Saved data entries

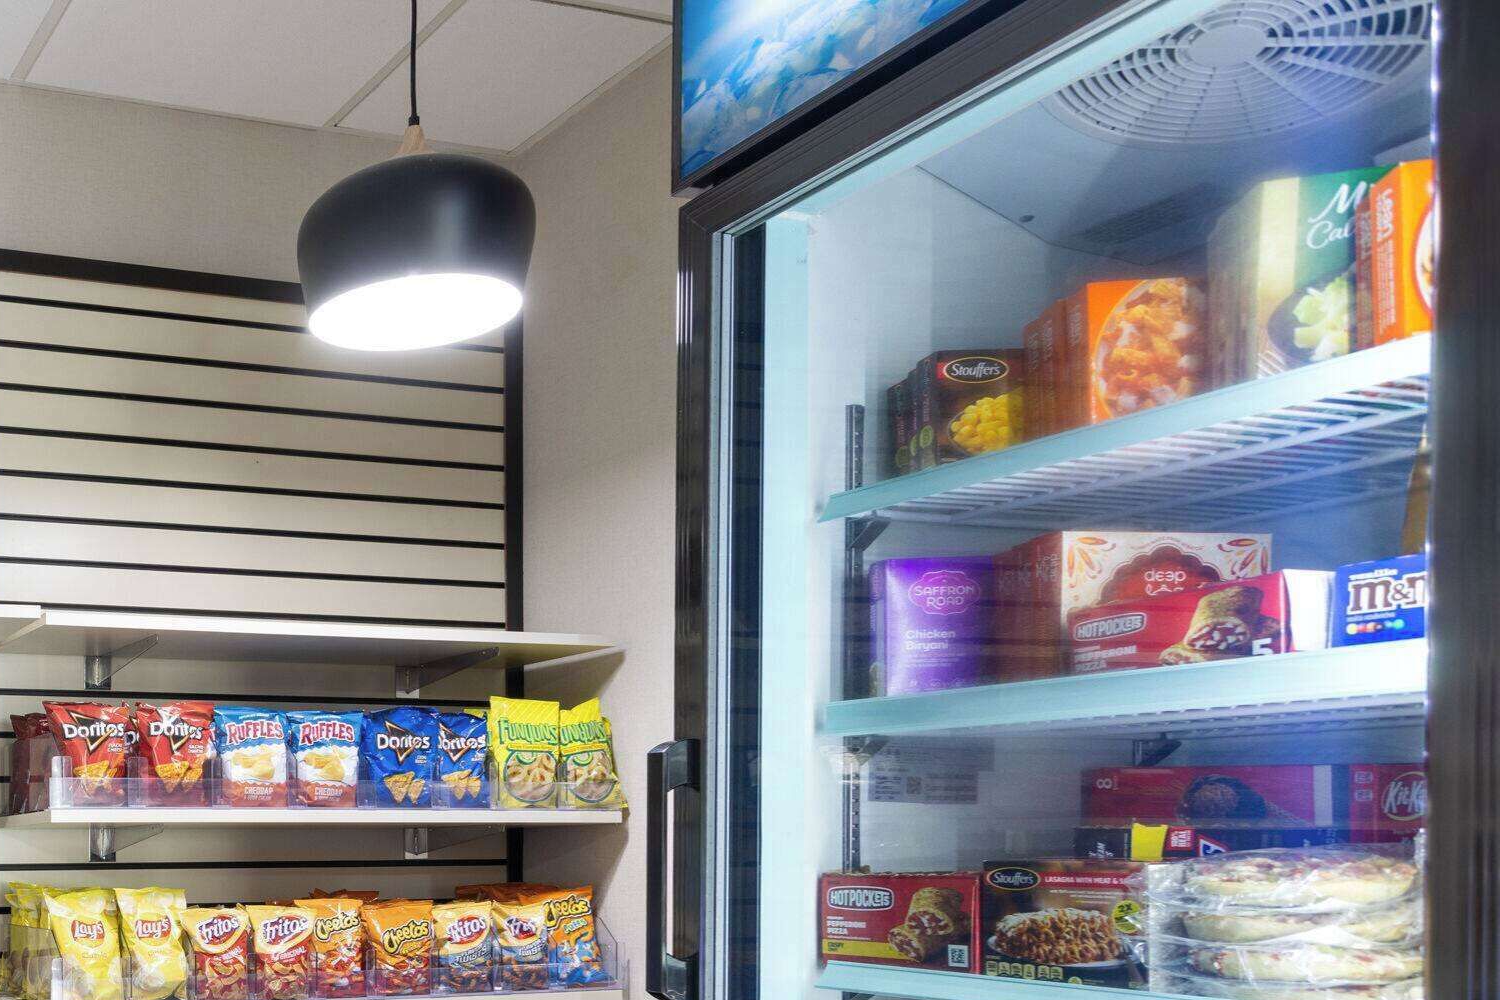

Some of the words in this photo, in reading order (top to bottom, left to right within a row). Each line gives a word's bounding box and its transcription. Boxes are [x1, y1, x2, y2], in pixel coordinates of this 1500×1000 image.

[951, 362, 1002, 380] Stouffer's
[913, 585, 975, 597] SAFFRON
[926, 597, 965, 610] ROAD
[905, 629, 956, 639] Chicken
[1077, 622, 1098, 639] HOT
[1099, 615, 1143, 637] POCKETS
[905, 639, 949, 652] Biryani
[1251, 638, 1274, 656] 5
[63, 721, 125, 740] Doritos
[149, 720, 205, 741] Doritos
[225, 720, 285, 746] RUFFLES
[300, 720, 356, 746] RUFFLES
[498, 717, 559, 745] FUNYUNS
[561, 720, 607, 745] UNYUNS
[377, 733, 431, 750] Doritos
[244, 786, 274, 795] CHEDDAR
[992, 871, 1035, 887] Stouffer's
[1044, 876, 1075, 884] LASAGNA
[1075, 876, 1093, 884] WITH
[1093, 877, 1113, 885] MEAT
[830, 889, 849, 906] HOT
[849, 889, 891, 907] POCKETS
[544, 894, 592, 929] Cheetos
[73, 921, 104, 941] Lay's
[136, 915, 171, 938] Lay's
[195, 915, 240, 944] Fritos
[261, 915, 310, 944] Fritos
[314, 912, 361, 942] Cheetos
[382, 919, 430, 954] Cheetos
[447, 917, 487, 943] Fritos
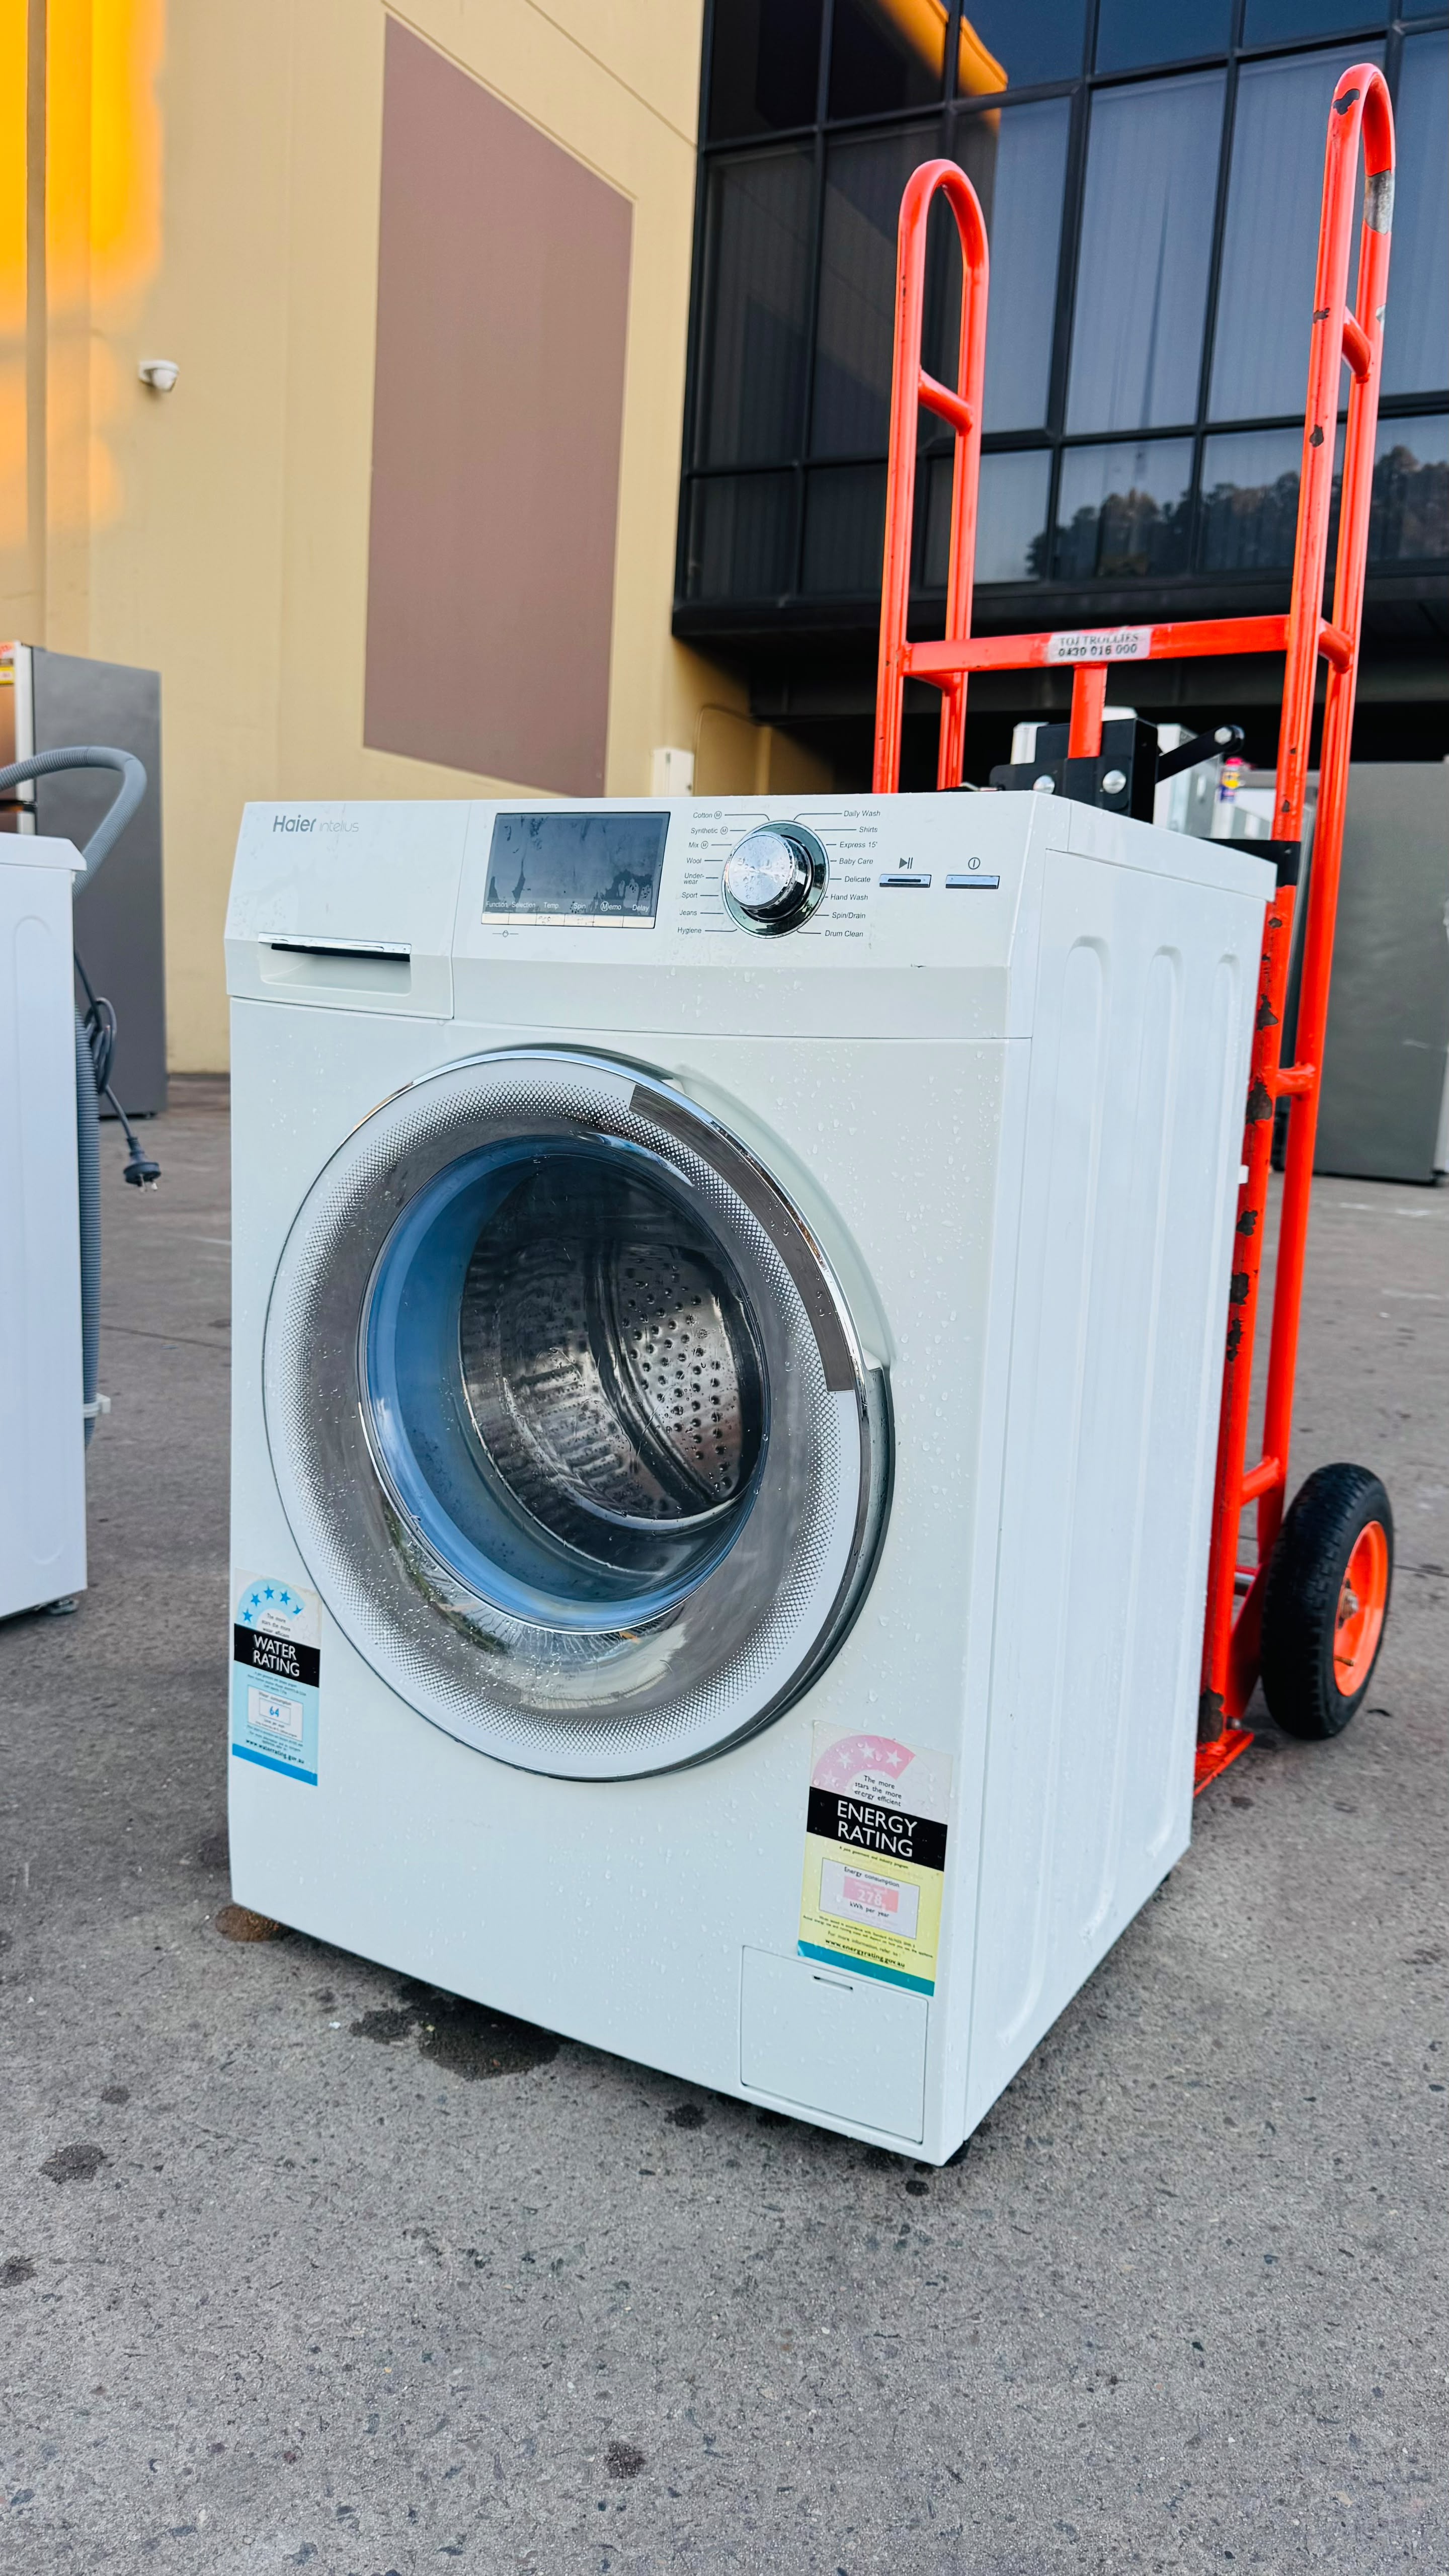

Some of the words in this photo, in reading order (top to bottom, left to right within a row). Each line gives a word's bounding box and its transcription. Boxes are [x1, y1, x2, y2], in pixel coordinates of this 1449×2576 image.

[1116, 643, 1137, 654] 000
[273, 815, 316, 832] Haier
[690, 827, 718, 835] Synthetic
[839, 841, 866, 849] Express
[839, 858, 856, 866] Baby
[681, 892, 698, 900] Sport
[600, 901, 622, 912] Memo
[632, 904, 650, 913] Delay
[832, 912, 866, 920] Spin/Drain
[254, 1634, 297, 1661] WATER
[253, 1650, 300, 1678] RATING
[269, 1706, 280, 1718] 64
[864, 1775, 875, 1784] The
[878, 1781, 895, 1789] more
[886, 1791, 902, 1799] more
[877, 1796, 902, 1807] efficient
[837, 1800, 918, 1837] ENERGY
[838, 1820, 913, 1858] RATING
[844, 1867, 862, 1878] Energy
[865, 1874, 900, 1888] consumption
[850, 1901, 863, 1910] kWh

§ Required action
The entries above should be written out in full, and any picture in them left out.

§ The answer
Some of the words in this photo, in reading order (top to bottom, left to right within a row). Each line gives a word's bounding box and its transcription. Boxes are [x1, y1, x2, y2], in pixel coordinates of this 1500×1000 image.

[951, 362, 1002, 380] Stouffer's
[913, 585, 975, 597] SAFFRON
[926, 597, 965, 610] ROAD
[905, 629, 956, 639] Chicken
[1077, 622, 1098, 639] HOT
[1099, 615, 1143, 637] POCKETS
[905, 639, 949, 652] Biryani
[1251, 638, 1274, 656] 5
[63, 721, 125, 740] Doritos
[149, 720, 205, 741] Doritos
[225, 720, 285, 746] RUFFLES
[300, 720, 356, 746] RUFFLES
[498, 717, 559, 745] FUNYUNS
[561, 720, 607, 745] UNYUNS
[377, 733, 431, 750] Doritos
[244, 786, 274, 795] CHEDDAR
[992, 871, 1035, 887] Stouffer's
[1044, 876, 1075, 884] LASAGNA
[1075, 876, 1093, 884] WITH
[1093, 877, 1113, 885] MEAT
[830, 889, 849, 906] HOT
[849, 889, 891, 907] POCKETS
[544, 894, 592, 929] Cheetos
[73, 921, 104, 941] Lay's
[136, 915, 171, 938] Lay's
[195, 915, 240, 944] Fritos
[261, 915, 310, 944] Fritos
[314, 912, 361, 942] Cheetos
[382, 919, 430, 954] Cheetos
[447, 917, 487, 943] Fritos

Some of the words in this photo, in reading order (top to bottom, left to right within a row). Each line gives a word's bounding box and its transcription. Boxes are [x1, y1, x2, y2], in pixel coordinates of this 1449×2576 image.

[1116, 643, 1137, 654] 000
[273, 815, 316, 832] Haier
[690, 827, 718, 835] Synthetic
[839, 841, 866, 849] Express
[839, 858, 856, 866] Baby
[681, 892, 698, 900] Sport
[600, 901, 622, 912] Memo
[632, 904, 650, 913] Delay
[832, 912, 866, 920] Spin/Drain
[254, 1634, 297, 1661] WATER
[253, 1650, 300, 1678] RATING
[269, 1706, 280, 1718] 64
[864, 1775, 875, 1784] The
[878, 1781, 895, 1789] more
[886, 1791, 902, 1799] more
[877, 1796, 902, 1807] efficient
[837, 1800, 918, 1837] ENERGY
[838, 1820, 913, 1858] RATING
[844, 1867, 862, 1878] Energy
[865, 1874, 900, 1888] consumption
[850, 1901, 863, 1910] kWh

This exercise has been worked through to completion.